J’ai fait tout ce que l’on est censé faire – pratiquer le yoga, supprimer la caféine, éviter l’alcool. Mais les hallucinations sont restées. Lors de ma dernière visite au laboratoire du sommeil, le médecin m’a dit que ma seule option restante était les médicaments supprimant les rêves. Anxieux à l’idée de prendre des médicaments, j’ai refusé les sédatifs. Le médecin m’a renvoyé chez moi avec une autre suggestion : Dormir davantage.

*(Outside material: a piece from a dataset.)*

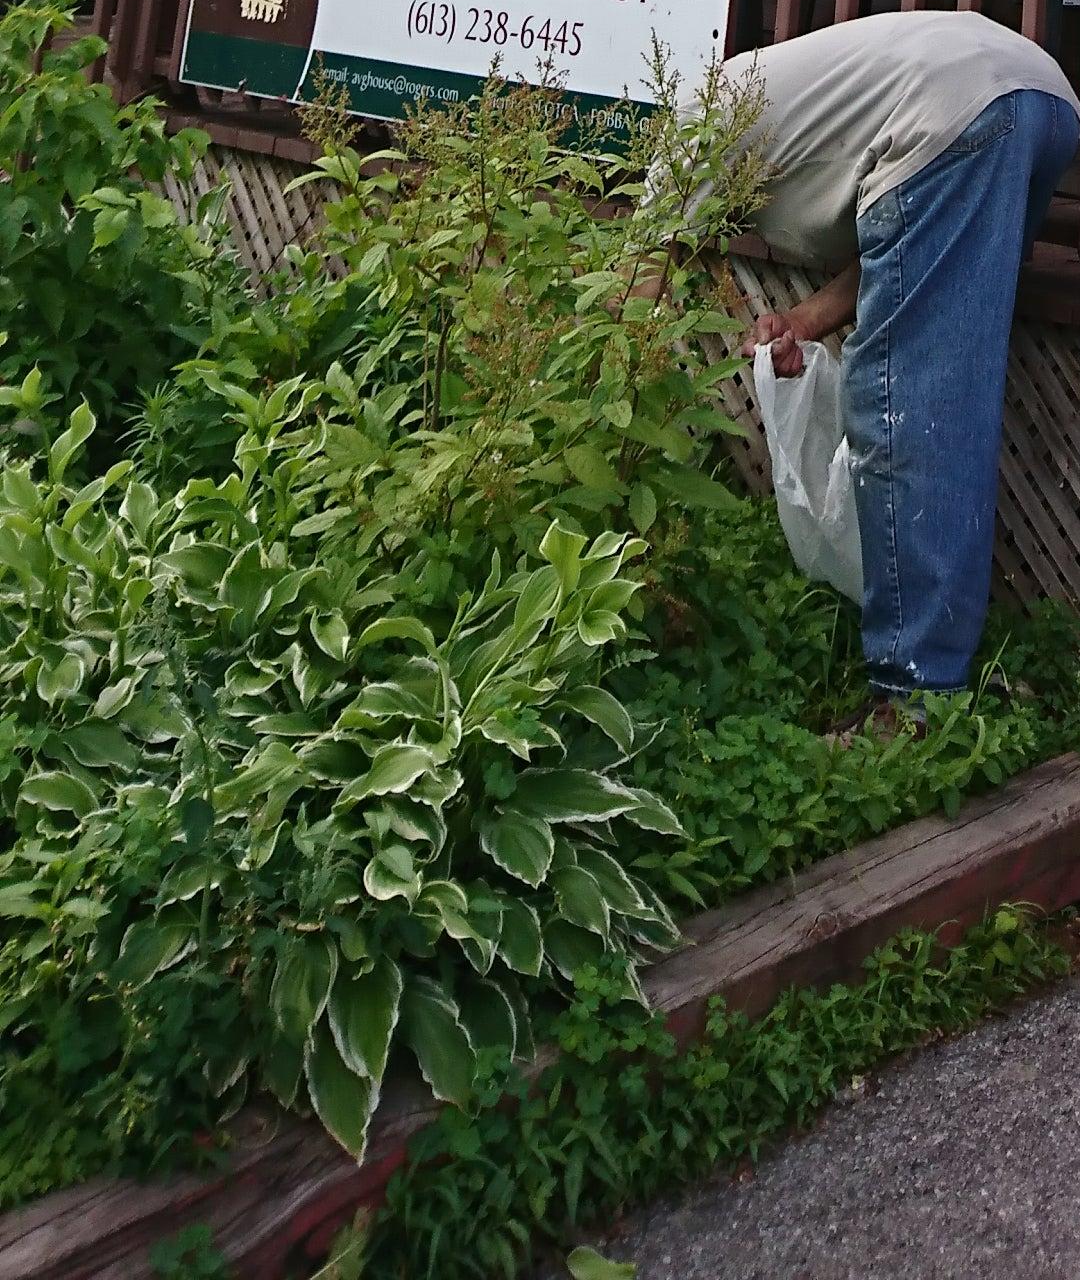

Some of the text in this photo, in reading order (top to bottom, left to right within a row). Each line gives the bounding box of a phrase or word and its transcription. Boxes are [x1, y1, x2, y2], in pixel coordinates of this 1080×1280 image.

[407, 0, 584, 57] (613) 238-6445
[324, 67, 349, 83] email:
[351, 71, 459, 101] avghouse@rogers.com

Je suis allé voir mon médecin de famille, qui m’a donné le nom d’une clinique cognitivo-comportementale. Je n’avais jamais suivi de thérapie auparavant, et sans passé sombre ou épisodes traumatiques de l’enfance qui me hantent, je ne pensais pas avoir quelque chose à raconter. Mais plutôt que de chercher des raisons médicales à mes problèmes de sommeil, mon thérapeute a considéré les hallucinations comme les sous-produits d’une imagination débridée et d’un réflexe de lutte ou de fuite trop actif – un peu comme si j’avais des crises de panique pendant mon sommeil. Nous nous sommes concentrés sur mes techniques d’adaptation pendant la journée afin que je puisse apprendre à gérer mes angoisses nocturnes. J’ai décrit mes confrontations sur des feuilles de travail et nous avons mis en évidence les problèmes liés à ma façon de gérer la frustration et la colère – ou, plus souvent, de ne pas les gérer. J’ai appris la relaxation musculaire progressive, qui consiste à tendre et détendre chaque muscle du corps, une technique couramment utilisée par les insomniaques. J’ai également appris à connaître les distorsions cognitives, qui sont essentiellement les façons dont notre esprit nous convainc automatiquement de quelque chose qui n’est pas vrai (comme « le patron veut m’avoir » ou « mon petit ami ne m’aime pas »). J’ai appris qu’en ne travaillant pas activement sur mes angoisses, je transformais mes interactions quotidiennes en rencontres hautement stressantes qui s’infiltraient dans mon sommeil.
Mes hallucinations ont considérablement ralenti après mes premières séances ; à la quatrième, elles avaient complètement cessé. J’ai commencé à accepter le fait qu’il n’y a pas de solution magique pour mon état. Au contraire, comme pour la plupart des choses dans la vie, je dois simplement mettre en œuvre tous les petits changements. La guérison est une chimère. Les hallucinations reviennent maintenant par vagues, parfois pendant toute la semaine, parfois seulement pendant une nuit ou deux. Mais j’appellerais quand même ça une fin heureuse ; et de toute façon, les araignées géantes me tiennent en haleine.